■ **Data section**
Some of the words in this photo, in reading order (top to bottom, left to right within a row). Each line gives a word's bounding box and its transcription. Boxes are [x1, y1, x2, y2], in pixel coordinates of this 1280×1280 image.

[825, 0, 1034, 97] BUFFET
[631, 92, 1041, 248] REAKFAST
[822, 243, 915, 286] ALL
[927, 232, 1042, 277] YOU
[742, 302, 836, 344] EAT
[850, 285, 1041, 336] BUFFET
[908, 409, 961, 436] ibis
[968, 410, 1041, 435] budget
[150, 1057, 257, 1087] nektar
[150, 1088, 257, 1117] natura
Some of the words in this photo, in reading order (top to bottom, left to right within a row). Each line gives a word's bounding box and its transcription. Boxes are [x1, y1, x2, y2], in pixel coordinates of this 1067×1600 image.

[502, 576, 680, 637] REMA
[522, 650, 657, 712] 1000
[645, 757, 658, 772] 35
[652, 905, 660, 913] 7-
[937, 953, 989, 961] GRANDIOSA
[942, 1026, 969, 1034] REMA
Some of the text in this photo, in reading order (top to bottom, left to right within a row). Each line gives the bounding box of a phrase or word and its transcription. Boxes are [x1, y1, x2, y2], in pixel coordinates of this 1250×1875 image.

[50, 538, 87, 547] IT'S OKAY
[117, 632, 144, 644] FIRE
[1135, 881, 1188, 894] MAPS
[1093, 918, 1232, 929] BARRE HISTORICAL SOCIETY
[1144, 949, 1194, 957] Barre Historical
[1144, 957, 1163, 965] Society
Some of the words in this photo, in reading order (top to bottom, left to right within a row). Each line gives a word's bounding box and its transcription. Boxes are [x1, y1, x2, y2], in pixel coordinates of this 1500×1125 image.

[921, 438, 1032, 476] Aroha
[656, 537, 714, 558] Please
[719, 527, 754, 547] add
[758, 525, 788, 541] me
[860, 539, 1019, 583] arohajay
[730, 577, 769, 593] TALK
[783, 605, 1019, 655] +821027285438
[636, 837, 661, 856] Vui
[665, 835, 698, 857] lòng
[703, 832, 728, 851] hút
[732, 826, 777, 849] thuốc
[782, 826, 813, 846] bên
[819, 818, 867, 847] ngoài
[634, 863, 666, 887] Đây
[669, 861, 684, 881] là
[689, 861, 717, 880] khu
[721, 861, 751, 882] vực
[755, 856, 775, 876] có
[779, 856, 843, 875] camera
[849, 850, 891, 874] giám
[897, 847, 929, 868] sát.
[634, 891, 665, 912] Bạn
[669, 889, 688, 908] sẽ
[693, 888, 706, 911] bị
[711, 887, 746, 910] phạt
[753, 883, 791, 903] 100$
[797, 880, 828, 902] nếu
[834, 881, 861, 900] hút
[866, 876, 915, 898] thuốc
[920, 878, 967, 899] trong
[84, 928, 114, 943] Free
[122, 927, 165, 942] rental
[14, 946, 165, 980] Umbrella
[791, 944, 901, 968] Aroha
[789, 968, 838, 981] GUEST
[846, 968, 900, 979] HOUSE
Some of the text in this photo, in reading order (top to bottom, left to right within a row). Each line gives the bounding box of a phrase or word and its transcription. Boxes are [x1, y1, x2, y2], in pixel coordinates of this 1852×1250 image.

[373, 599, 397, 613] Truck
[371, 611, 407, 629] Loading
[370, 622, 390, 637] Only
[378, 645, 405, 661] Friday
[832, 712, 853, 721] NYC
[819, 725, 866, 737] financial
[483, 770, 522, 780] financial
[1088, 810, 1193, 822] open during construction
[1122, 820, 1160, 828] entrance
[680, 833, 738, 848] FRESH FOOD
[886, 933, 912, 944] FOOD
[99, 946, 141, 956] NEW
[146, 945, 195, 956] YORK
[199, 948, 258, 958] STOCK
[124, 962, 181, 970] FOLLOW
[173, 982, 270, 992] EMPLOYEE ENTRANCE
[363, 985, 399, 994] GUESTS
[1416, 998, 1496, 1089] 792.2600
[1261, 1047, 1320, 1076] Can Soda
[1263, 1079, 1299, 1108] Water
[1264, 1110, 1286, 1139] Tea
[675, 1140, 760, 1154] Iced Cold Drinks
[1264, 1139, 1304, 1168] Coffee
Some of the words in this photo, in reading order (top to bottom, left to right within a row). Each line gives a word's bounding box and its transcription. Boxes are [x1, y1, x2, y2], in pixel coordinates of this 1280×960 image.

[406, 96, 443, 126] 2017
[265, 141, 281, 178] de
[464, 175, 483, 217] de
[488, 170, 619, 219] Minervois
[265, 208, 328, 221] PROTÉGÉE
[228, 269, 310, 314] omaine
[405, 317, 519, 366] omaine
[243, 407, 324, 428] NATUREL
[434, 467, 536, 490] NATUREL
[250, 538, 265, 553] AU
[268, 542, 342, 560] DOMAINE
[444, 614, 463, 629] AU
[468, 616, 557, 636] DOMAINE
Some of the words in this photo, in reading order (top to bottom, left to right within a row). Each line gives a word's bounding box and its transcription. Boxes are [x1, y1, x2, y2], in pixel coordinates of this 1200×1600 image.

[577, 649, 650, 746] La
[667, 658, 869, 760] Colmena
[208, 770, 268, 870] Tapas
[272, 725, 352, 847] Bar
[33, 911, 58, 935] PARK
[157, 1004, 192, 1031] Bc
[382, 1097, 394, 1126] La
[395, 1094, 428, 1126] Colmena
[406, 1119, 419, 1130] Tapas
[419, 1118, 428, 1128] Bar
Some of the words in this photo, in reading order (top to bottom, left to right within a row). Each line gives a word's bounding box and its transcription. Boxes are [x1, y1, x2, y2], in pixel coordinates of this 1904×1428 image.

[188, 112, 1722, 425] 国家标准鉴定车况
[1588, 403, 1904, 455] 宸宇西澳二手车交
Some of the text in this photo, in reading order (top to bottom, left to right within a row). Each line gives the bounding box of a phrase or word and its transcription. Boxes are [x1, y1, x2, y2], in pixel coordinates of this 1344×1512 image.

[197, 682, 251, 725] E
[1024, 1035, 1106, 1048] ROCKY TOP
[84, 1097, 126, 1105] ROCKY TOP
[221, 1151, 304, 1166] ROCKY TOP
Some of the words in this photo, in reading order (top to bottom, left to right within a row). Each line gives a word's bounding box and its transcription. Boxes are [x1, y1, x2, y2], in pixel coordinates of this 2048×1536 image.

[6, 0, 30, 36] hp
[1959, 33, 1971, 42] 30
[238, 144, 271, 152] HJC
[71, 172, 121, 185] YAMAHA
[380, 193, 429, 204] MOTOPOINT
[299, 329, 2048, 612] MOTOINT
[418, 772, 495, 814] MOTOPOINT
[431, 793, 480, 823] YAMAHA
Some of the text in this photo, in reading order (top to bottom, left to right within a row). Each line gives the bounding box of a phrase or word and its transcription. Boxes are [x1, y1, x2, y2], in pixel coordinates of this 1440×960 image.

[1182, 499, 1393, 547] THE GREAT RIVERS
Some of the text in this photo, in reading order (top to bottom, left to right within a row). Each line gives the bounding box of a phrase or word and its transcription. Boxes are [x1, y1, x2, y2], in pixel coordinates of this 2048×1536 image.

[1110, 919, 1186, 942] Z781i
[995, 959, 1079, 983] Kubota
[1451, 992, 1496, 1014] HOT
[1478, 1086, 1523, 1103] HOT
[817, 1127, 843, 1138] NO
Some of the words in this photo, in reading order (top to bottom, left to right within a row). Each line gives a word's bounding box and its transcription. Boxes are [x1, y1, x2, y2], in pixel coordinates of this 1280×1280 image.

■ **Task objective**
Please be sure to repeat every entry exactly.

■ **Finished task**
Some of the words in this photo, in reading order (top to bottom, left to right within a row). Each line gives a word's bounding box and its transcription. Boxes are [x1, y1, x2, y2], in pixel coordinates of this 1280×1280 image.

[825, 0, 1034, 97] BUFFET
[631, 92, 1041, 248] REAKFAST
[822, 243, 915, 286] ALL
[927, 232, 1042, 277] YOU
[742, 302, 836, 344] EAT
[850, 285, 1041, 336] BUFFET
[908, 409, 961, 436] ibis
[968, 410, 1041, 435] budget
[150, 1057, 257, 1087] nektar
[150, 1088, 257, 1117] natura
Some of the words in this photo, in reading order (top to bottom, left to right within a row). Each line gives a word's bounding box and its transcription. Boxes are [x1, y1, x2, y2], in pixel coordinates of this 1067×1600 image.

[502, 576, 680, 637] REMA
[522, 650, 657, 712] 1000
[645, 757, 658, 772] 35
[652, 905, 660, 913] 7-
[937, 953, 989, 961] GRANDIOSA
[942, 1026, 969, 1034] REMA
Some of the text in this photo, in reading order (top to bottom, left to right within a row). Each line gives the bounding box of a phrase or word and its transcription. Boxes are [x1, y1, x2, y2], in pixel coordinates of this 1250×1875 image.

[50, 538, 87, 547] IT'S OKAY
[117, 632, 144, 644] FIRE
[1135, 881, 1188, 894] MAPS
[1093, 918, 1232, 929] BARRE HISTORICAL SOCIETY
[1144, 949, 1194, 957] Barre Historical
[1144, 957, 1163, 965] Society
Some of the words in this photo, in reading order (top to bottom, left to right within a row). Each line gives a word's bounding box and its transcription. Boxes are [x1, y1, x2, y2], in pixel coordinates of this 1500×1125 image.

[921, 438, 1032, 476] Aroha
[656, 537, 714, 558] Please
[719, 527, 754, 547] add
[758, 525, 788, 541] me
[860, 539, 1019, 583] arohajay
[730, 577, 769, 593] TALK
[783, 605, 1019, 655] +821027285438
[636, 837, 661, 856] Vui
[665, 835, 698, 857] lòng
[703, 832, 728, 851] hút
[732, 826, 777, 849] thuốc
[782, 826, 813, 846] bên
[819, 818, 867, 847] ngoài
[634, 863, 666, 887] Đây
[669, 861, 684, 881] là
[689, 861, 717, 880] khu
[721, 861, 751, 882] vực
[755, 856, 775, 876] có
[779, 856, 843, 875] camera
[849, 850, 891, 874] giám
[897, 847, 929, 868] sát.
[634, 891, 665, 912] Bạn
[669, 889, 688, 908] sẽ
[693, 888, 706, 911] bị
[711, 887, 746, 910] phạt
[753, 883, 791, 903] 100$
[797, 880, 828, 902] nếu
[834, 881, 861, 900] hút
[866, 876, 915, 898] thuốc
[920, 878, 967, 899] trong
[84, 928, 114, 943] Free
[122, 927, 165, 942] rental
[14, 946, 165, 980] Umbrella
[791, 944, 901, 968] Aroha
[789, 968, 838, 981] GUEST
[846, 968, 900, 979] HOUSE
Some of the text in this photo, in reading order (top to bottom, left to right within a row). Each line gives the bounding box of a phrase or word and its transcription. Boxes are [x1, y1, x2, y2], in pixel coordinates of this 1852×1250 image.

[373, 599, 397, 613] Truck
[371, 611, 407, 629] Loading
[370, 622, 390, 637] Only
[378, 645, 405, 661] Friday
[832, 712, 853, 721] NYC
[819, 725, 866, 737] financial
[483, 770, 522, 780] financial
[1088, 810, 1193, 822] open during construction
[1122, 820, 1160, 828] entrance
[680, 833, 738, 848] FRESH FOOD
[886, 933, 912, 944] FOOD
[99, 946, 141, 956] NEW
[146, 945, 195, 956] YORK
[199, 948, 258, 958] STOCK
[124, 962, 181, 970] FOLLOW
[173, 982, 270, 992] EMPLOYEE ENTRANCE
[363, 985, 399, 994] GUESTS
[1416, 998, 1496, 1089] 792.2600
[1261, 1047, 1320, 1076] Can Soda
[1263, 1079, 1299, 1108] Water
[1264, 1110, 1286, 1139] Tea
[675, 1140, 760, 1154] Iced Cold Drinks
[1264, 1139, 1304, 1168] Coffee
Some of the words in this photo, in reading order (top to bottom, left to right within a row). Each line gives a word's bounding box and its transcription. Boxes are [x1, y1, x2, y2], in pixel coordinates of this 1280×960 image.

[406, 96, 443, 126] 2017
[265, 141, 281, 178] de
[464, 175, 483, 217] de
[488, 170, 619, 219] Minervois
[265, 208, 328, 221] PROTÉGÉE
[228, 269, 310, 314] omaine
[405, 317, 519, 366] omaine
[243, 407, 324, 428] NATUREL
[434, 467, 536, 490] NATUREL
[250, 538, 265, 553] AU
[268, 542, 342, 560] DOMAINE
[444, 614, 463, 629] AU
[468, 616, 557, 636] DOMAINE
Some of the words in this photo, in reading order (top to bottom, left to right within a row). Each line gives a word's bounding box and its transcription. Boxes are [x1, y1, x2, y2], in pixel coordinates of this 1200×1600 image.

[577, 649, 650, 746] La
[667, 658, 869, 760] Colmena
[208, 770, 268, 870] Tapas
[272, 725, 352, 847] Bar
[33, 911, 58, 935] PARK
[157, 1004, 192, 1031] Bc
[382, 1097, 394, 1126] La
[395, 1094, 428, 1126] Colmena
[406, 1119, 419, 1130] Tapas
[419, 1118, 428, 1128] Bar
Some of the words in this photo, in reading order (top to bottom, left to right within a row). Each line gives a word's bounding box and its transcription. Boxes are [x1, y1, x2, y2], in pixel coordinates of this 1904×1428 image.

[188, 112, 1722, 425] 国家标准鉴定车况
[1588, 403, 1904, 455] 宸宇西澳二手车交
Some of the text in this photo, in reading order (top to bottom, left to right within a row). Each line gives the bounding box of a phrase or word and its transcription. Boxes are [x1, y1, x2, y2], in pixel coordinates of this 1344×1512 image.

[197, 682, 251, 725] E
[1024, 1035, 1106, 1048] ROCKY TOP
[84, 1097, 126, 1105] ROCKY TOP
[221, 1151, 304, 1166] ROCKY TOP
Some of the words in this photo, in reading order (top to bottom, left to right within a row). Each line gives a word's bounding box and its transcription. Boxes are [x1, y1, x2, y2], in pixel coordinates of this 2048×1536 image.

[6, 0, 30, 36] hp
[1959, 33, 1971, 42] 30
[238, 144, 271, 152] HJC
[71, 172, 121, 185] YAMAHA
[380, 193, 429, 204] MOTOPOINT
[299, 329, 2048, 612] MOTOINT
[418, 772, 495, 814] MOTOPOINT
[431, 793, 480, 823] YAMAHA
Some of the text in this photo, in reading order (top to bottom, left to right within a row). Each line gives the bounding box of a phrase or word and its transcription. Boxes are [x1, y1, x2, y2], in pixel coordinates of this 1440×960 image.

[1182, 499, 1393, 547] THE GREAT RIVERS
Some of the text in this photo, in reading order (top to bottom, left to right within a row). Each line gives the bounding box of a phrase or word and its transcription. Boxes are [x1, y1, x2, y2], in pixel coordinates of this 2048×1536 image.

[1110, 919, 1186, 942] Z781i
[995, 959, 1079, 983] Kubota
[1451, 992, 1496, 1014] HOT
[1478, 1086, 1523, 1103] HOT
[817, 1127, 843, 1138] NO
Some of the words in this photo, in reading order (top to bottom, left to right within a row). Each line gives a word's bounding box and its transcription. Boxes are [x1, y1, x2, y2], in pixel coordinates of this 1280×1280 image.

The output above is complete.